▸ **Exercise instructions**
Copy each line below as it stands, but skip any picture it contains.

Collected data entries
++++++

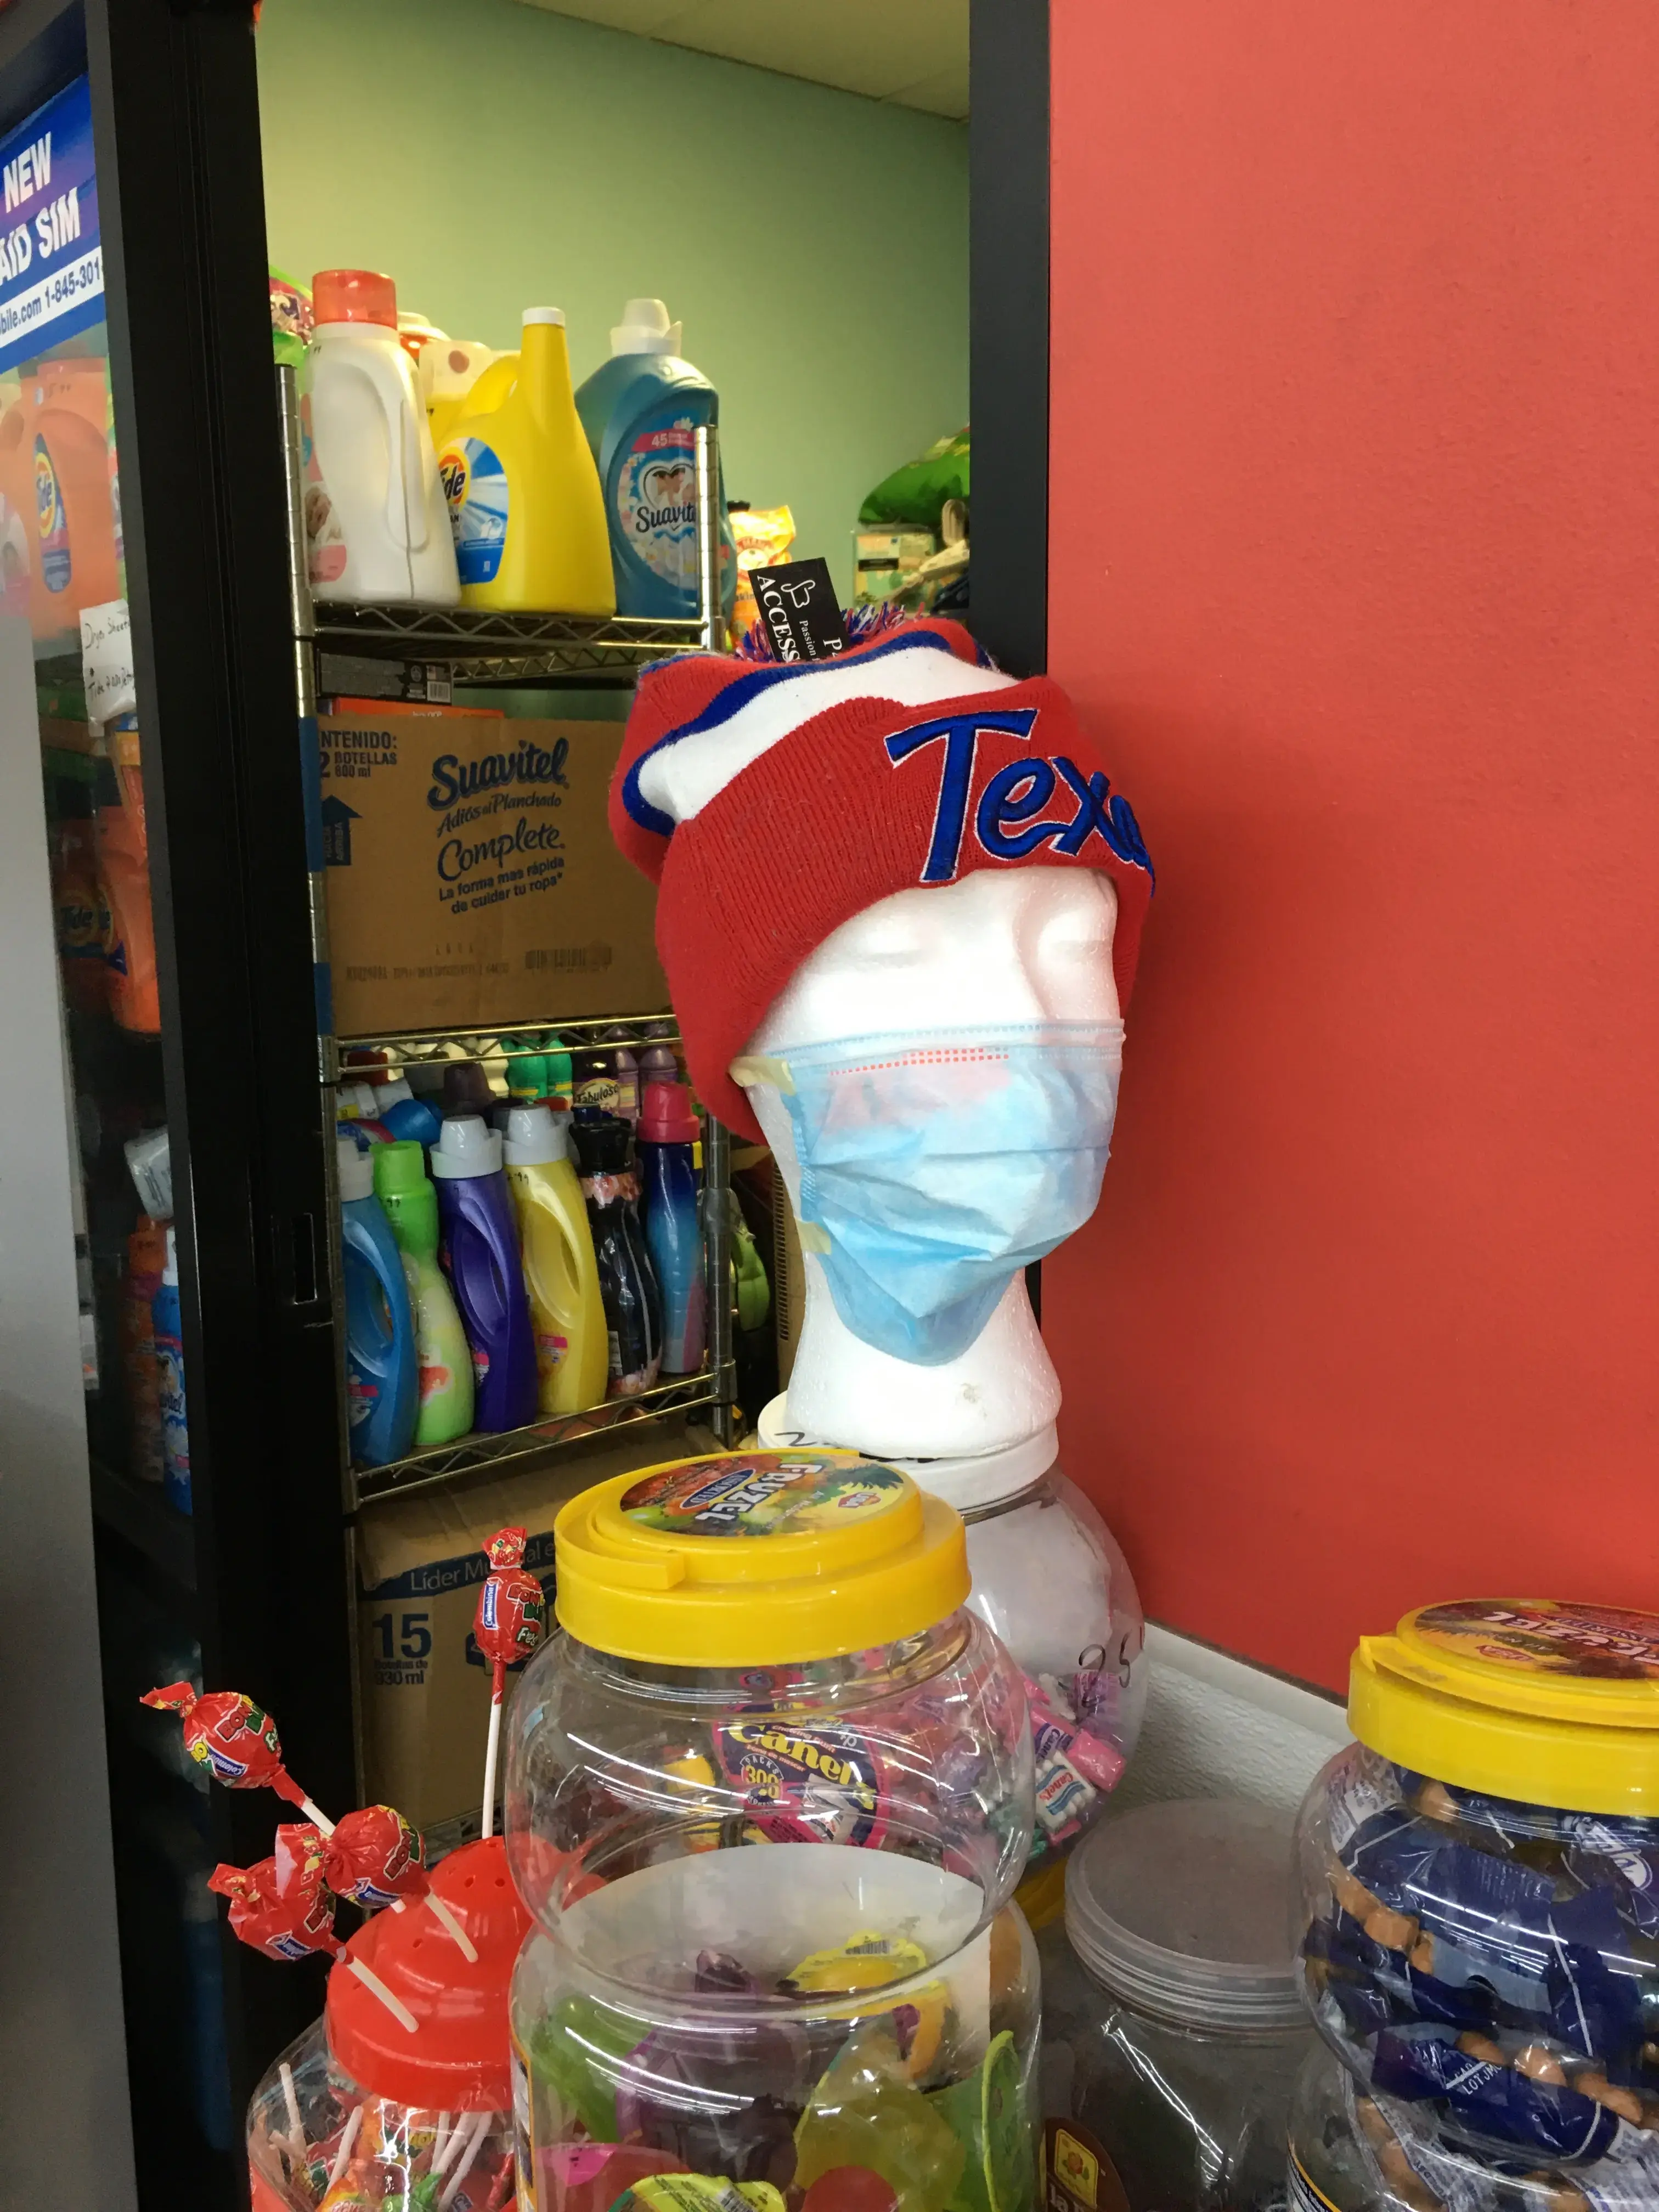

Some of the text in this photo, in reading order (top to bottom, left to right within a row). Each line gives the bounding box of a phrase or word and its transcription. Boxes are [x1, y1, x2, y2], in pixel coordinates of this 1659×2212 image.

[3, 131, 52, 213] NEW
[35, 186, 81, 259] SIM
[0, 296, 42, 335] bile.com
[651, 433, 669, 447] 45
[757, 574, 801, 663] ACCESS
[799, 619, 817, 657] Passion
[319, 730, 398, 749] NTENIDO:
[319, 751, 398, 778] 2 BOTELLAS
[427, 737, 569, 811] Suavitel
[492, 791, 562, 814] Planchado
[439, 887, 454, 901] La
[458, 878, 494, 896] forma
[451, 900, 468, 914] de
[471, 888, 511, 909] cuidar
[514, 883, 527, 896] tu
[774, 1431, 817, 1447] 2
[695, 1463, 827, 1522] FRUZEL
[410, 1570, 458, 1592] Líder
[373, 1613, 432, 1658] 15
[405, 1669, 425, 1685] ml
[744, 1753, 780, 1776] PACKS
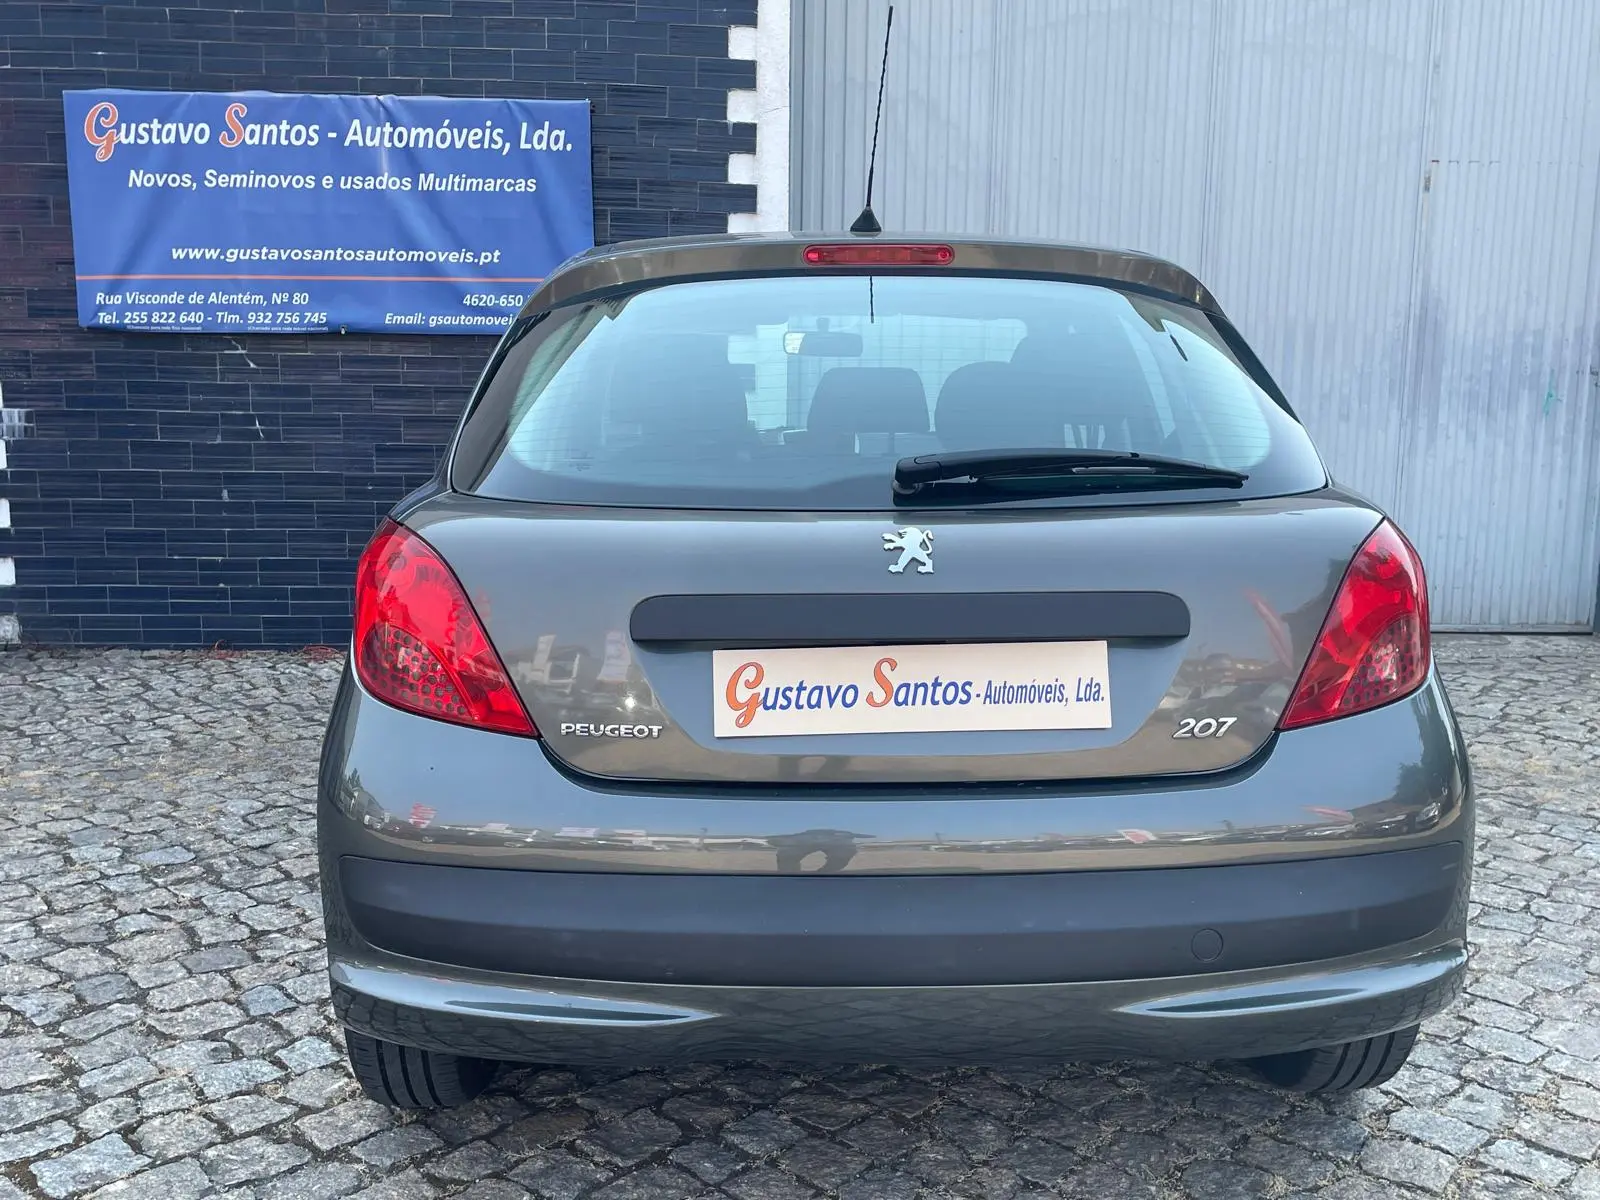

++++++

▸ **Final answer**
Some of the text in this photo, in reading order (top to bottom, left to right within a row). Each line gives the bounding box of a phrase or word and its transcription. Boxes are [x1, y1, x2, y2], in pixel coordinates of this 1659×2212 image.

[3, 131, 52, 213] NEW
[35, 186, 81, 259] SIM
[0, 296, 42, 335] bile.com
[651, 433, 669, 447] 45
[757, 574, 801, 663] ACCESS
[799, 619, 817, 657] Passion
[319, 730, 398, 749] NTENIDO:
[319, 751, 398, 778] 2 BOTELLAS
[427, 737, 569, 811] Suavitel
[492, 791, 562, 814] Planchado
[439, 887, 454, 901] La
[458, 878, 494, 896] forma
[451, 900, 468, 914] de
[471, 888, 511, 909] cuidar
[514, 883, 527, 896] tu
[774, 1431, 817, 1447] 2
[695, 1463, 827, 1522] FRUZEL
[410, 1570, 458, 1592] Líder
[373, 1613, 432, 1658] 15
[405, 1669, 425, 1685] ml
[744, 1753, 780, 1776] PACKS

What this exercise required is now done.